:: Data provided ::

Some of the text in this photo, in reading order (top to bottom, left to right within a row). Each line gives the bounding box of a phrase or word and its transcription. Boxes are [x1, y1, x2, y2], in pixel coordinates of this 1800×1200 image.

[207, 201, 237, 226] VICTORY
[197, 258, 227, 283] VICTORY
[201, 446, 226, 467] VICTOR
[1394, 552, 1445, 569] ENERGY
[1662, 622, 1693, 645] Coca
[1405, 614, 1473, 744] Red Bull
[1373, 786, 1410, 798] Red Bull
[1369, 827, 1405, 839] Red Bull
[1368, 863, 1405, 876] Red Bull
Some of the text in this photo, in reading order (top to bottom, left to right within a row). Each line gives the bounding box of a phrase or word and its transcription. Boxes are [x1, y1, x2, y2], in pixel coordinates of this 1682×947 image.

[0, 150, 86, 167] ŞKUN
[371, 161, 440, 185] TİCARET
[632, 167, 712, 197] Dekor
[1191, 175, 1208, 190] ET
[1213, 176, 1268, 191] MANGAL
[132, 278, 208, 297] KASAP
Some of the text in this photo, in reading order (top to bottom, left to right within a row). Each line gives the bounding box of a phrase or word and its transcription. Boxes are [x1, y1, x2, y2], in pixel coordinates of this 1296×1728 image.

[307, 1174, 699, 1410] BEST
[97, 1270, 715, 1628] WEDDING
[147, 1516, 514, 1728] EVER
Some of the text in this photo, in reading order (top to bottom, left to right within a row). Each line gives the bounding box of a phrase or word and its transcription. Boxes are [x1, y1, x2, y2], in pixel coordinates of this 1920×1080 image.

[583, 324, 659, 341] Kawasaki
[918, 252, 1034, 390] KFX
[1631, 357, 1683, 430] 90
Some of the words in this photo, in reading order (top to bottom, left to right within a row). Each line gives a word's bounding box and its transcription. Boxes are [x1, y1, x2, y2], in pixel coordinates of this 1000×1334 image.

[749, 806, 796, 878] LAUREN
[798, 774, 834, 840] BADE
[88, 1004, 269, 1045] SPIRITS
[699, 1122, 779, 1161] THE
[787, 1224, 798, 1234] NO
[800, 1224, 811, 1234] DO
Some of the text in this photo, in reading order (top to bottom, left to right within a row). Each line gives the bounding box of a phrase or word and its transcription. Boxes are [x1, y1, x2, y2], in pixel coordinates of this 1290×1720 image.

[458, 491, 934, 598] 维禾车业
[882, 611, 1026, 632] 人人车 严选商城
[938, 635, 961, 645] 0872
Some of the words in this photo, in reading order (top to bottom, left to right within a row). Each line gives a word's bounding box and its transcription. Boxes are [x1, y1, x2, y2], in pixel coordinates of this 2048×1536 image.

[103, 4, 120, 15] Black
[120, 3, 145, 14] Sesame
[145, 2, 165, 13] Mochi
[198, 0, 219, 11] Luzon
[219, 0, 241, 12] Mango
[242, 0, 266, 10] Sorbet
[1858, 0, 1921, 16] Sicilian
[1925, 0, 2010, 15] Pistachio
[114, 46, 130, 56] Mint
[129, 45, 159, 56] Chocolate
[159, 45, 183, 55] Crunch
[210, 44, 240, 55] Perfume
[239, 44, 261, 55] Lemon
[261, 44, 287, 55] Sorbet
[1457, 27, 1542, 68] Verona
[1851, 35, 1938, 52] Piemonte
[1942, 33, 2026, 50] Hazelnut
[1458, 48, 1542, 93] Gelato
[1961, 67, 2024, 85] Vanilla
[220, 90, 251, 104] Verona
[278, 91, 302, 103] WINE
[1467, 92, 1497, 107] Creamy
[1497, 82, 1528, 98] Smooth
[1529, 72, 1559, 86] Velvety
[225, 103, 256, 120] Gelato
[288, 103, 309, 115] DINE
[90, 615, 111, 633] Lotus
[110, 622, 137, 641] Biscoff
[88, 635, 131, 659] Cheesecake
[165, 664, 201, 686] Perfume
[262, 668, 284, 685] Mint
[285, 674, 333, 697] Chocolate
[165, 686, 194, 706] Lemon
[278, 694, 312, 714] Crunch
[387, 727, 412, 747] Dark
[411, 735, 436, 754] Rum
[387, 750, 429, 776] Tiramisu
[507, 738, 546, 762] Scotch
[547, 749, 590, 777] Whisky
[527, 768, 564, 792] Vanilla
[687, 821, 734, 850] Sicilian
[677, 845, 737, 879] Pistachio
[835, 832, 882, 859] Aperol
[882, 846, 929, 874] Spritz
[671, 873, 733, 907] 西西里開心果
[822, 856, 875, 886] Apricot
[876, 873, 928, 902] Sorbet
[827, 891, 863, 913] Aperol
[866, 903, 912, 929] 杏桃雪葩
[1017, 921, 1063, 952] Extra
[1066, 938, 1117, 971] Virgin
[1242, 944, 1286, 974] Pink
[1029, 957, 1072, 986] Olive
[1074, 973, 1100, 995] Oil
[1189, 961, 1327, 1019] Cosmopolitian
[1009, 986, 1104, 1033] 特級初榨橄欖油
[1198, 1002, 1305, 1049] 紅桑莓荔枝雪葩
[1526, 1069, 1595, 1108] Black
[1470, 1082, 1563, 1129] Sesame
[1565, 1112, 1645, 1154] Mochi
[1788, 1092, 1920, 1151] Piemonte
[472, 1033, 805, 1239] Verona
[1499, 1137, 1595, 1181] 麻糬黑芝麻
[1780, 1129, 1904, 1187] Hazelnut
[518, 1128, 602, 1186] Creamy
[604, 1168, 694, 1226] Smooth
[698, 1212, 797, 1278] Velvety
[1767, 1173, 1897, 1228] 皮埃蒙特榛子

:::

**The task:** Send back every line of the listing above exactly.

**Solution below:**
Some of the text in this photo, in reading order (top to bottom, left to right within a row). Each line gives the bounding box of a phrase or word and its transcription. Boxes are [x1, y1, x2, y2], in pixel coordinates of this 1800×1200 image.

[207, 201, 237, 226] VICTORY
[197, 258, 227, 283] VICTORY
[201, 446, 226, 467] VICTOR
[1394, 552, 1445, 569] ENERGY
[1662, 622, 1693, 645] Coca
[1405, 614, 1473, 744] Red Bull
[1373, 786, 1410, 798] Red Bull
[1369, 827, 1405, 839] Red Bull
[1368, 863, 1405, 876] Red Bull
Some of the text in this photo, in reading order (top to bottom, left to right within a row). Each line gives the bounding box of a phrase or word and its transcription. Boxes are [x1, y1, x2, y2], in pixel coordinates of this 1682×947 image.

[0, 150, 86, 167] ŞKUN
[371, 161, 440, 185] TİCARET
[632, 167, 712, 197] Dekor
[1191, 175, 1208, 190] ET
[1213, 176, 1268, 191] MANGAL
[132, 278, 208, 297] KASAP
Some of the text in this photo, in reading order (top to bottom, left to right within a row). Each line gives the bounding box of a phrase or word and its transcription. Boxes are [x1, y1, x2, y2], in pixel coordinates of this 1296×1728 image.

[307, 1174, 699, 1410] BEST
[97, 1270, 715, 1628] WEDDING
[147, 1516, 514, 1728] EVER
Some of the text in this photo, in reading order (top to bottom, left to right within a row). Each line gives the bounding box of a phrase or word and its transcription. Boxes are [x1, y1, x2, y2], in pixel coordinates of this 1920×1080 image.

[583, 324, 659, 341] Kawasaki
[918, 252, 1034, 390] KFX
[1631, 357, 1683, 430] 90
Some of the words in this photo, in reading order (top to bottom, left to right within a row). Each line gives a word's bounding box and its transcription. Boxes are [x1, y1, x2, y2], in pixel coordinates of this 1000×1334 image.

[749, 806, 796, 878] LAUREN
[798, 774, 834, 840] BADE
[88, 1004, 269, 1045] SPIRITS
[699, 1122, 779, 1161] THE
[787, 1224, 798, 1234] NO
[800, 1224, 811, 1234] DO
Some of the text in this photo, in reading order (top to bottom, left to right within a row). Each line gives the bounding box of a phrase or word and its transcription. Boxes are [x1, y1, x2, y2], in pixel coordinates of this 1290×1720 image.

[458, 491, 934, 598] 维禾车业
[882, 611, 1026, 632] 人人车 严选商城
[938, 635, 961, 645] 0872
Some of the words in this photo, in reading order (top to bottom, left to right within a row). Each line gives a word's bounding box and its transcription. Boxes are [x1, y1, x2, y2], in pixel coordinates of this 2048×1536 image.

[103, 4, 120, 15] Black
[120, 3, 145, 14] Sesame
[145, 2, 165, 13] Mochi
[198, 0, 219, 11] Luzon
[219, 0, 241, 12] Mango
[242, 0, 266, 10] Sorbet
[1858, 0, 1921, 16] Sicilian
[1925, 0, 2010, 15] Pistachio
[114, 46, 130, 56] Mint
[129, 45, 159, 56] Chocolate
[159, 45, 183, 55] Crunch
[210, 44, 240, 55] Perfume
[239, 44, 261, 55] Lemon
[261, 44, 287, 55] Sorbet
[1457, 27, 1542, 68] Verona
[1851, 35, 1938, 52] Piemonte
[1942, 33, 2026, 50] Hazelnut
[1458, 48, 1542, 93] Gelato
[1961, 67, 2024, 85] Vanilla
[220, 90, 251, 104] Verona
[278, 91, 302, 103] WINE
[1467, 92, 1497, 107] Creamy
[1497, 82, 1528, 98] Smooth
[1529, 72, 1559, 86] Velvety
[225, 103, 256, 120] Gelato
[288, 103, 309, 115] DINE
[90, 615, 111, 633] Lotus
[110, 622, 137, 641] Biscoff
[88, 635, 131, 659] Cheesecake
[165, 664, 201, 686] Perfume
[262, 668, 284, 685] Mint
[285, 674, 333, 697] Chocolate
[165, 686, 194, 706] Lemon
[278, 694, 312, 714] Crunch
[387, 727, 412, 747] Dark
[411, 735, 436, 754] Rum
[387, 750, 429, 776] Tiramisu
[507, 738, 546, 762] Scotch
[547, 749, 590, 777] Whisky
[527, 768, 564, 792] Vanilla
[687, 821, 734, 850] Sicilian
[677, 845, 737, 879] Pistachio
[835, 832, 882, 859] Aperol
[882, 846, 929, 874] Spritz
[671, 873, 733, 907] 西西里開心果
[822, 856, 875, 886] Apricot
[876, 873, 928, 902] Sorbet
[827, 891, 863, 913] Aperol
[866, 903, 912, 929] 杏桃雪葩
[1017, 921, 1063, 952] Extra
[1066, 938, 1117, 971] Virgin
[1242, 944, 1286, 974] Pink
[1029, 957, 1072, 986] Olive
[1074, 973, 1100, 995] Oil
[1189, 961, 1327, 1019] Cosmopolitian
[1009, 986, 1104, 1033] 特級初榨橄欖油
[1198, 1002, 1305, 1049] 紅桑莓荔枝雪葩
[1526, 1069, 1595, 1108] Black
[1470, 1082, 1563, 1129] Sesame
[1565, 1112, 1645, 1154] Mochi
[1788, 1092, 1920, 1151] Piemonte
[472, 1033, 805, 1239] Verona
[1499, 1137, 1595, 1181] 麻糬黑芝麻
[1780, 1129, 1904, 1187] Hazelnut
[518, 1128, 602, 1186] Creamy
[604, 1168, 694, 1226] Smooth
[698, 1212, 797, 1278] Velvety
[1767, 1173, 1897, 1228] 皮埃蒙特榛子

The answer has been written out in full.